The Senator is prosecuted for the murder of a Tutsi woman, Helene Kayitesi, during the 1994 genocide, added VOA. The victim was killed in her district of Cyarwa, located in the university residence of Butare, southern Rwanda.

Safari, who has opposed the semi-traditional Gacaca Court of Cyarwa, was being tried by a Gacaca Court from Kigali, the capital.

Last year, at the end of a trial for hoarding and looting of goods during the genocide, he was sentenced to a fine of 7 million Rwandan francs (nearly 13 000 American Dollars).

A brilliant orator, Safari had fought for the dissolution of his former party, the Republican Democratic Movement (MDR), which he accused of having thought and spread the genocide ideology.
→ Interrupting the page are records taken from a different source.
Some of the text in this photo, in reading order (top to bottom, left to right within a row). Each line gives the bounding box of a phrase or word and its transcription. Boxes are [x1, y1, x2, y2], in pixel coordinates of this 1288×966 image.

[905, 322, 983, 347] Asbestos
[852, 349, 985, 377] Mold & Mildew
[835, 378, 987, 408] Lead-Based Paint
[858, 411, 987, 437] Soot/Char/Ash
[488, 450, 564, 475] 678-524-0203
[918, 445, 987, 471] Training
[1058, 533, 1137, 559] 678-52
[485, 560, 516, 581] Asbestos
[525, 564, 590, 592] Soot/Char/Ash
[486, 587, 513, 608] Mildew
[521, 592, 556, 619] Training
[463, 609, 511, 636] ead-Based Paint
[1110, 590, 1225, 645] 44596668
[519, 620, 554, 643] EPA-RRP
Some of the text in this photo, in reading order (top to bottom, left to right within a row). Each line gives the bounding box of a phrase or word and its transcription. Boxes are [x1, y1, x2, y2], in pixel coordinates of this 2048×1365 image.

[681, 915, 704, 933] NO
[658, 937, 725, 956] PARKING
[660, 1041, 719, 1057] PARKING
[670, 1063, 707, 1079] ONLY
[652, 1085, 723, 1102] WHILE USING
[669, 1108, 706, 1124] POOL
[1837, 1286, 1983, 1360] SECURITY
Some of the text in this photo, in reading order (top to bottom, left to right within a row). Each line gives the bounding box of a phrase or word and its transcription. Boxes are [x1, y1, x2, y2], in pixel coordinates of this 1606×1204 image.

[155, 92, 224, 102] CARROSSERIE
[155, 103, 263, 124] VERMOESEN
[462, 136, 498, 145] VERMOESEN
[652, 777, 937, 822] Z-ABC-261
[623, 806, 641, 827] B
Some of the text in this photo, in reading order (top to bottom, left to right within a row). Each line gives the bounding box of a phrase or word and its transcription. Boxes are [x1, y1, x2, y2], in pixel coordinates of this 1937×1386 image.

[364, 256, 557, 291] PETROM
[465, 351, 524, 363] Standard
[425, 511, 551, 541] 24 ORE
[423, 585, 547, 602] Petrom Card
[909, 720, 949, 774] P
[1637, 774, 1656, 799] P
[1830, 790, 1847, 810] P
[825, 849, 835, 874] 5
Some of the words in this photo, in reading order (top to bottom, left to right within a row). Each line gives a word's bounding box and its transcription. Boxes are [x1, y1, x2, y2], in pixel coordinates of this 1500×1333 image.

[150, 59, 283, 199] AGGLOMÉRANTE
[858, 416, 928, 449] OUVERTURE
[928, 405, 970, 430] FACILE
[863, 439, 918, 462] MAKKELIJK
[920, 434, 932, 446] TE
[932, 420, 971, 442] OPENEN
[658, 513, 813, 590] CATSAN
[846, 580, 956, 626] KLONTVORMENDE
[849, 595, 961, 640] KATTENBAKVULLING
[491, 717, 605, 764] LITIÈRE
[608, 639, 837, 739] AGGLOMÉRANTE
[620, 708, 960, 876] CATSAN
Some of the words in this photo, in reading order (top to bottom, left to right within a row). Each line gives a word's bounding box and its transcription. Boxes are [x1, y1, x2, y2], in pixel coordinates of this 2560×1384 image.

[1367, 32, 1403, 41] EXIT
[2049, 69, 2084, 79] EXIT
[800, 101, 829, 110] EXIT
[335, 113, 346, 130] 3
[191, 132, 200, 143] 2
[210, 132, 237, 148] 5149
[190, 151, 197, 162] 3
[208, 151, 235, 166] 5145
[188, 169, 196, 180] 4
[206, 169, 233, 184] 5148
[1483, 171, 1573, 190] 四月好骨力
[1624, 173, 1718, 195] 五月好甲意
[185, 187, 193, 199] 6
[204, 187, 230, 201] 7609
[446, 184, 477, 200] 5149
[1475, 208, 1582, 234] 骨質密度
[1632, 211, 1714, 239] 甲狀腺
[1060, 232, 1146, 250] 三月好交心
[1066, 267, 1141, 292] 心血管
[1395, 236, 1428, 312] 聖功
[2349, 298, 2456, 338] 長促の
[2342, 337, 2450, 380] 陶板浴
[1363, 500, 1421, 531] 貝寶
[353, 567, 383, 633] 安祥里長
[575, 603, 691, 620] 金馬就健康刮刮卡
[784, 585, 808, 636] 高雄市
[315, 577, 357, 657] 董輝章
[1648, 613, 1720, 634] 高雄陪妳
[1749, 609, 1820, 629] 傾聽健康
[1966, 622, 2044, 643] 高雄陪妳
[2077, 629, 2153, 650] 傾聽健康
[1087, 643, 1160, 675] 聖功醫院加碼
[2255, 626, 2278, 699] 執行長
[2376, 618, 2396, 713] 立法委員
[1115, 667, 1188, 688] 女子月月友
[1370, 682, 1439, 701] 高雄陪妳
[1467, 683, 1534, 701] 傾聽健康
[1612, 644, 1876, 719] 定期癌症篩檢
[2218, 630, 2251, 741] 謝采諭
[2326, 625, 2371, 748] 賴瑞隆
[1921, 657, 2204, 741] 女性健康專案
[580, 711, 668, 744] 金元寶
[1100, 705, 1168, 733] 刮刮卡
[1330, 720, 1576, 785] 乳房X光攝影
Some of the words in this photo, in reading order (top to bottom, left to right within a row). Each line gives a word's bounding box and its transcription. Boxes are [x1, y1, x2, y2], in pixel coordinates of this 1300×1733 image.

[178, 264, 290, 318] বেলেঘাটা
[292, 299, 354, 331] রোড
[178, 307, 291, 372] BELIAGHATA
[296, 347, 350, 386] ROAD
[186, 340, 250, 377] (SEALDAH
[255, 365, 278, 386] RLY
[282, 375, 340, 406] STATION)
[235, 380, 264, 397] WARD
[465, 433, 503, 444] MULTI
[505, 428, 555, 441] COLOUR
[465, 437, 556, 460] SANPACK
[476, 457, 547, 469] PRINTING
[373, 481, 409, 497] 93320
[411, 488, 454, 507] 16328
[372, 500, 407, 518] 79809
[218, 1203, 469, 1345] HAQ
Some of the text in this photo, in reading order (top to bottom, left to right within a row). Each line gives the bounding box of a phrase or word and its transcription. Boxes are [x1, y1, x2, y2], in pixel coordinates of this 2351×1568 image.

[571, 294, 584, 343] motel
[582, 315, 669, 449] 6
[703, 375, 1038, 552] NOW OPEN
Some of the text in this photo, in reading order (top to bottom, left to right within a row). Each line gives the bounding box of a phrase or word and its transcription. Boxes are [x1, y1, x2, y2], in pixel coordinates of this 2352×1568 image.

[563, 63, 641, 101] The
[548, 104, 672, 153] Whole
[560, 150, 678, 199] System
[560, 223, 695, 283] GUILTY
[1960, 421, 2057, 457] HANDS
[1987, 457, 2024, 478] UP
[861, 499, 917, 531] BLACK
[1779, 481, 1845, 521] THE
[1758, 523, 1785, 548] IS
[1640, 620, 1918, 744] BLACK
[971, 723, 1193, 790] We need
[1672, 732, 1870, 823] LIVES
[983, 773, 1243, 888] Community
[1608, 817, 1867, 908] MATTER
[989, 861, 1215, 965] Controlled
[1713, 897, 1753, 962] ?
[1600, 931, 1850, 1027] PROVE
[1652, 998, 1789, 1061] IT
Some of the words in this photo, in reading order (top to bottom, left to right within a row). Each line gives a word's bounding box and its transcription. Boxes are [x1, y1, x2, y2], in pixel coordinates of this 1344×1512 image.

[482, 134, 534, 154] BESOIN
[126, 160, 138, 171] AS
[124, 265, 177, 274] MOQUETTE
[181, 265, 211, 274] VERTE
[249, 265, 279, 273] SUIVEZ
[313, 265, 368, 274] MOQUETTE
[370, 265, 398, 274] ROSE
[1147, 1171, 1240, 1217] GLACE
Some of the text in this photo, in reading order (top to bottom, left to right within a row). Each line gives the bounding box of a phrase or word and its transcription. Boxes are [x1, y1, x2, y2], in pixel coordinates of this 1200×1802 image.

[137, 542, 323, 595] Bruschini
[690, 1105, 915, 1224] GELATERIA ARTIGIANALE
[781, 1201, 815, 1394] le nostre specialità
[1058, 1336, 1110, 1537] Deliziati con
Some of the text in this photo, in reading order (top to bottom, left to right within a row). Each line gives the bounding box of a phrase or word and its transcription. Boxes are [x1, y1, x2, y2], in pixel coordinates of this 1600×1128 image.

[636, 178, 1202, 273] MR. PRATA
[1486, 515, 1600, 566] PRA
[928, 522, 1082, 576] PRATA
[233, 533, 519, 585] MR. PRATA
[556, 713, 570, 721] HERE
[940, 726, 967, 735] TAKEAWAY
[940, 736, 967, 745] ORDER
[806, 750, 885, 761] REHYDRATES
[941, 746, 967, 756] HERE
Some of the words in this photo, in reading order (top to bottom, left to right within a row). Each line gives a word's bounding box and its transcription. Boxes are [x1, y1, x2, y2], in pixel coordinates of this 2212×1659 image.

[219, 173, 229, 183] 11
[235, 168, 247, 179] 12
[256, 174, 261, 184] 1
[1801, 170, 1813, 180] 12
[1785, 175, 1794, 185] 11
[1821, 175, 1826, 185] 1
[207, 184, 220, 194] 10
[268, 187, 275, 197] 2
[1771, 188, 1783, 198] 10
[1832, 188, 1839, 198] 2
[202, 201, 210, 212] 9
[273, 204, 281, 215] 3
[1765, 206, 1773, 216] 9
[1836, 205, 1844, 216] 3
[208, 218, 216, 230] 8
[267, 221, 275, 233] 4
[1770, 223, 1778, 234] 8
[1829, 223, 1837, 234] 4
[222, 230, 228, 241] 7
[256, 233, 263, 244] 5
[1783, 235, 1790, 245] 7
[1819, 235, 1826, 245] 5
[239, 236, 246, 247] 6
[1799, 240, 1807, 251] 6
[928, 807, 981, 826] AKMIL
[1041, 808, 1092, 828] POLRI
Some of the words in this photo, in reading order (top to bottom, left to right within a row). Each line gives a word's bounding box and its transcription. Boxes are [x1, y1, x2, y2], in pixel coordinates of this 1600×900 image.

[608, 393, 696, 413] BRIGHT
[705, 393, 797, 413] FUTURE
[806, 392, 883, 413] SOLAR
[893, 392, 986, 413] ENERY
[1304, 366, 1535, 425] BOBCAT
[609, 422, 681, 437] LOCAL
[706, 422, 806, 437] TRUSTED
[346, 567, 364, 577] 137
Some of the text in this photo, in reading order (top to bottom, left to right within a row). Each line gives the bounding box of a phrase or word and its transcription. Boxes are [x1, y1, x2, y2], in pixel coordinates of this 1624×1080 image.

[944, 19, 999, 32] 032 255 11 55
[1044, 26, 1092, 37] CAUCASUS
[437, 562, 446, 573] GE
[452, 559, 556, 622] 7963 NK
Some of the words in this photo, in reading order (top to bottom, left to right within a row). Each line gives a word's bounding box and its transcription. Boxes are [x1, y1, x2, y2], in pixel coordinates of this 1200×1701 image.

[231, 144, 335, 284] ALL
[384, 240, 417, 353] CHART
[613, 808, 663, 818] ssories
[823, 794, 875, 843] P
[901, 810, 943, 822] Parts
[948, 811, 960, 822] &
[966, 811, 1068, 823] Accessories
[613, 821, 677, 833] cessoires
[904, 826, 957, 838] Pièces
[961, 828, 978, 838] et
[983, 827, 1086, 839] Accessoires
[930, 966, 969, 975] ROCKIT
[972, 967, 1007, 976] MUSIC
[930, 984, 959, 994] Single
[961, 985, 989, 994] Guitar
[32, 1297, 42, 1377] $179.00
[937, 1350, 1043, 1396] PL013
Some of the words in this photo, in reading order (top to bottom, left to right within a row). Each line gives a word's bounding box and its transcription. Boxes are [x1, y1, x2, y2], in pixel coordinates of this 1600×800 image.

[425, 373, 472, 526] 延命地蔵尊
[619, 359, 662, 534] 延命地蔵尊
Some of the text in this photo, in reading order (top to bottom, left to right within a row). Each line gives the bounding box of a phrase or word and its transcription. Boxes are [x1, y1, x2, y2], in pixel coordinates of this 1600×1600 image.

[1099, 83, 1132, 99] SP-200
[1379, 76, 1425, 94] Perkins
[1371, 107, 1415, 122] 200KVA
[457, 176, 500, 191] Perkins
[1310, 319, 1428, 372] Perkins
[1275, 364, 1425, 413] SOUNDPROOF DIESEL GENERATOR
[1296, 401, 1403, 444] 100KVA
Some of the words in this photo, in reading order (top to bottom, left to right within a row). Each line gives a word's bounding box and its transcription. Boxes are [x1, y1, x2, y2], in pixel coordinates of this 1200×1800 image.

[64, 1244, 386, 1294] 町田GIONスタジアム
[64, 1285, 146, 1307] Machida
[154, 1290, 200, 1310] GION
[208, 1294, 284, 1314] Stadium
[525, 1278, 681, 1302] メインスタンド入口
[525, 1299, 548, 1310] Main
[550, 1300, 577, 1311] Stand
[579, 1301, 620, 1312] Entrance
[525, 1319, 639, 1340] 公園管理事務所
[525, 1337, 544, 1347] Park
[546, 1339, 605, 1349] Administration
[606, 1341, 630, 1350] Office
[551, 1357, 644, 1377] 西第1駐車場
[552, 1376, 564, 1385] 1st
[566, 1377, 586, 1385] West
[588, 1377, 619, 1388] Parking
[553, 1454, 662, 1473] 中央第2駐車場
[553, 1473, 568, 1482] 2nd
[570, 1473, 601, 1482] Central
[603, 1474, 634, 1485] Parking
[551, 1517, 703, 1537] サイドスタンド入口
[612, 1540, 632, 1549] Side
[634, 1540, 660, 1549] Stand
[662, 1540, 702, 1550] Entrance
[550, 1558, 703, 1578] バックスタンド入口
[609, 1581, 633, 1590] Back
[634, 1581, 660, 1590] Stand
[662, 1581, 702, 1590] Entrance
After the dissolution of the MDR, he, along with others, founded the Party for Solidarity and Progress (PSP), which belongs to the coalition around the Rwandan Patriotic Front (RPF).

Senator Safari is not currently the only dignitary on trial in absentia for alleged involvement in the genocide.

Since Sunday, another gacaca court in Kigali has been trying the former president of the Chamber of Deputies, Alfred Mukezamfura, who left Rwanda at the end of last year.

Mukezamfura, also the former president of a small political party, the Centrist Democratic Party (PDC), was president of the Chamber of Deputies until the legislative elections of September 2008.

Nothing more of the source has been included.